私は繁華街の道端で、時折こうしてマッチを売っていた。

普通に買ってくれる人もいる。これじゃないと煙草が美味く無いよねえと言う常連さんもいる。雨の日も雪の日も。とにかく私は生きるためにマッチを売り続けた。

「マッチは、マッチはいりませんか。」

火をつける為だけのマッチ。実はもうすぐ工場が無くなってしまうのだと聴いている。仕入れるのはいつものことだが、その仕入れる先が無くなってしまっては、この商売も出来なくなってしまう。

別の仕事を探せば良かったのかもしれない。でも惰性で生きる私にとっては、マッチを売ることで生きる、と言うルーティンを崩すのが、何故かとても苦痛だった。

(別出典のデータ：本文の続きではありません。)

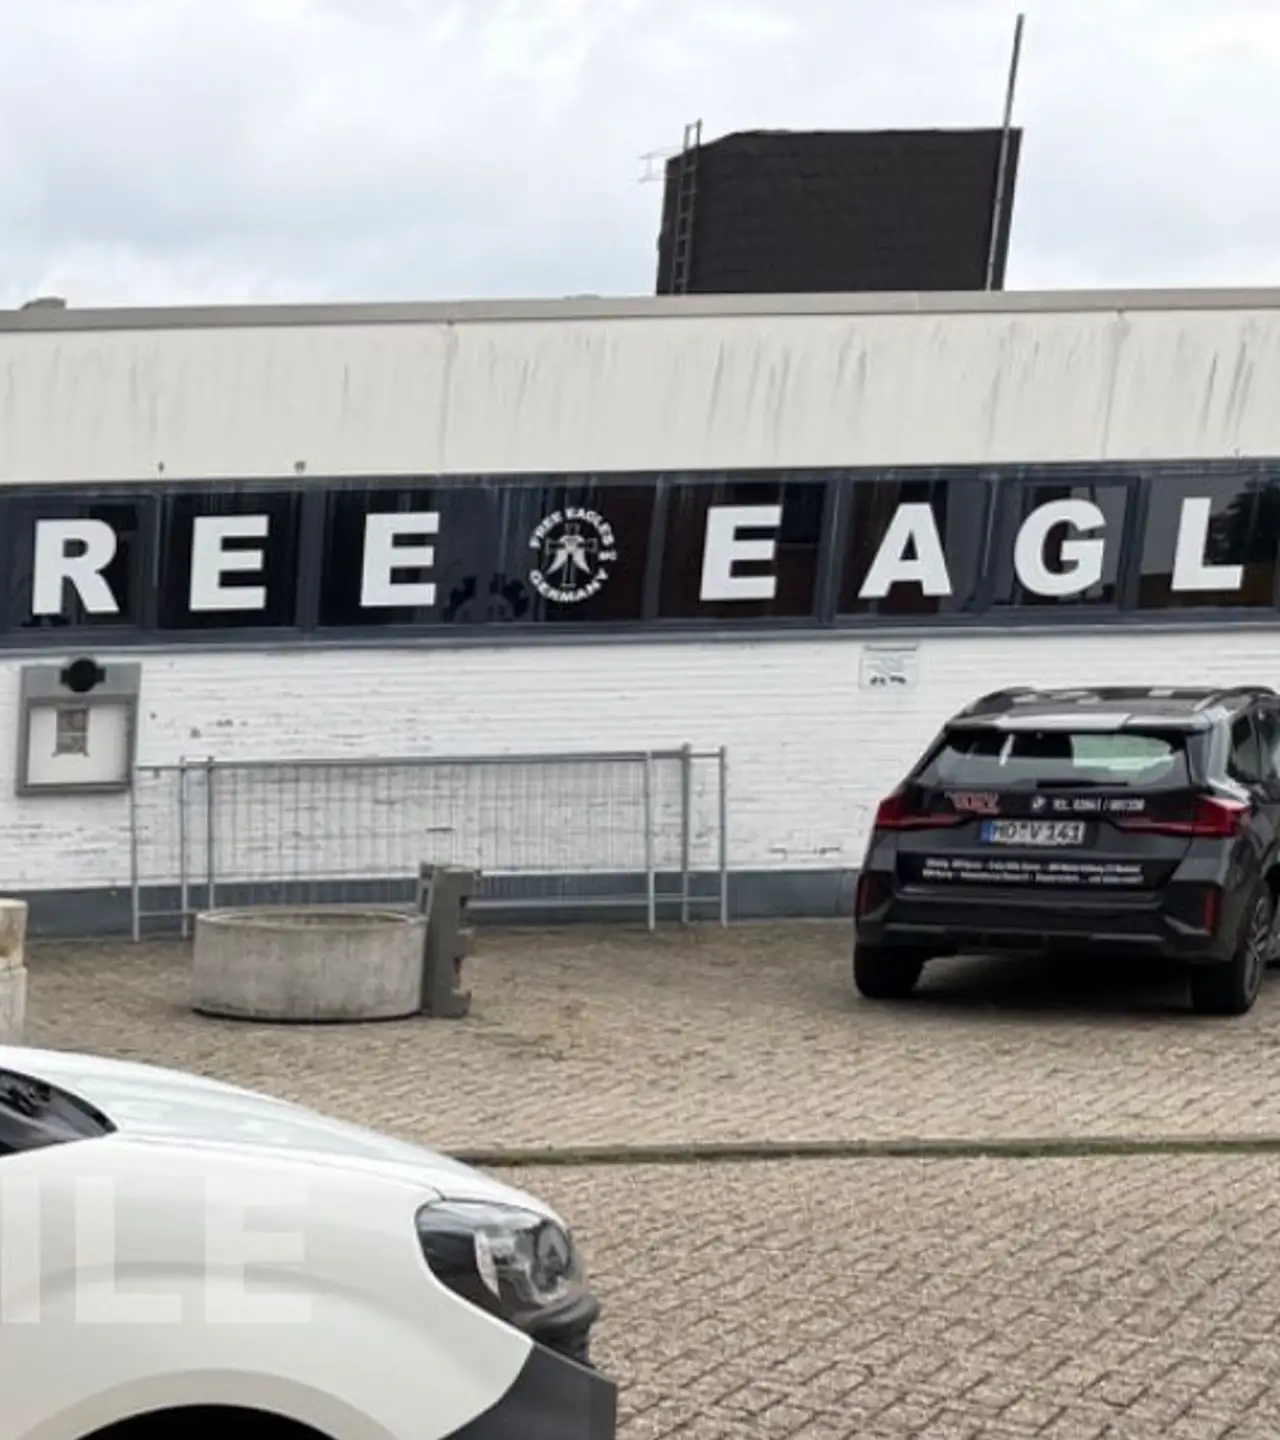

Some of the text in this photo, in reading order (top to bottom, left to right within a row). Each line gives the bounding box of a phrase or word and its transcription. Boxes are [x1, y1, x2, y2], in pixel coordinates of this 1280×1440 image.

もしかしたらこのマッチを売ると言う行為自体に依存しているのかもしれない。

「マッチは、マッチはいりませんか。」

暑かろうが、寒かろうが、マッチは売れる。手元にあるものが最後のまとまり。これが無くなってしまえば、私はついにマッチ売りでは無いただの人に成り下がってしまう。それがとても怖かった。

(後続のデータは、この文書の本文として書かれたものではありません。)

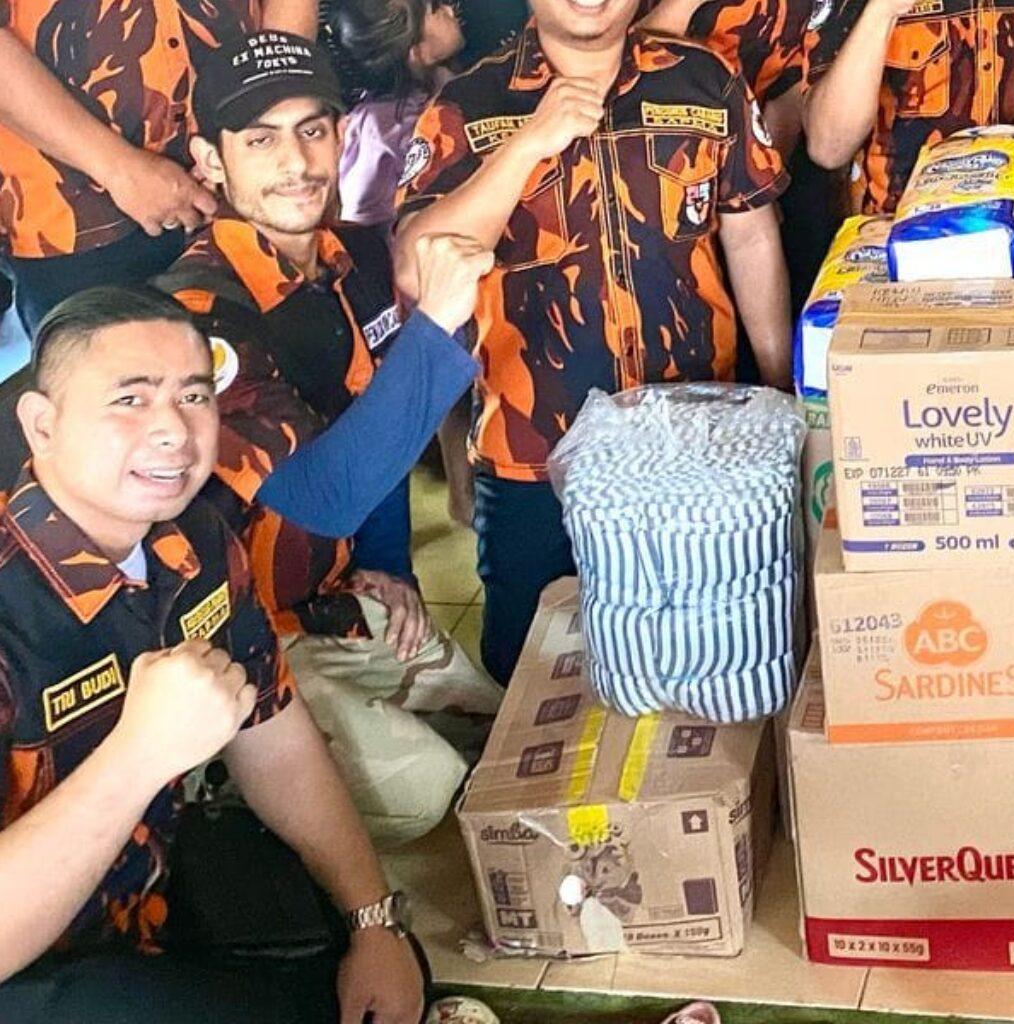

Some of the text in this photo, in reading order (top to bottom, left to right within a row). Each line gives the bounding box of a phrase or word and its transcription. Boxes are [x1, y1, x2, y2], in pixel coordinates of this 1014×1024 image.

[926, 382, 980, 395] emeron
[902, 397, 1013, 438] Lovely
[934, 534, 1000, 550] 500 ml
[913, 628, 984, 655] ABC
[81, 667, 119, 701] BUDI
[834, 939, 848, 951] 10
[858, 940, 866, 951] 2
[878, 941, 889, 953] 10

怖かったけれど、決して最後まで止めようとは思わなかった。この籠の中のマッチを売り切るまでは、私はマッチ売りなのだから。

最後の一箱が売れた。とても寂しい気持ちになった。でも最後に買ってくれた紳士の旦那様は私の手を握って仰った。

「君はこんなに痩せ細って、頑張っていたんだね。聞けば工場は閉鎖すると言うじゃないか。どうだろう。ウチで使用人として働いてみては。」

願っても無い申し出。

のはずだった。

気が付けば私は首を横に振っていた。

「そうか。」

少し押し黙って、旦那様は何かを思い付いたように、再び私の手を握った。

「最後の一箱は、私が買ったものだけれど、君にあげよう。この一箱は、間違いなく君のものだ。…また会おう。身体を大事にしなさい。」

私は自分でもわけもわからないまま、旦那様のご厚意に泣いていた。旦那様は何か可哀想なものでも見るかのように振り返っては、去って行った。

最後の一箱は、私のマッチ。

そうだ、マッチを擦ろう。火を点けよう。

私が売り続けたマッチ。良く燃える。それはさながら私の命みたいに感じていた。

「暖かい…。」

雪も降り始めた街路の隅っこで、私は座り込んで身体を丸めてただマッチの火を眺めた。

最後の一本まで、私は見届けるから。

私の人生も命も。

ひとつ残らず燃やし尽くしてね。

私は温かな気持ちで、最後の火を眺め始めた。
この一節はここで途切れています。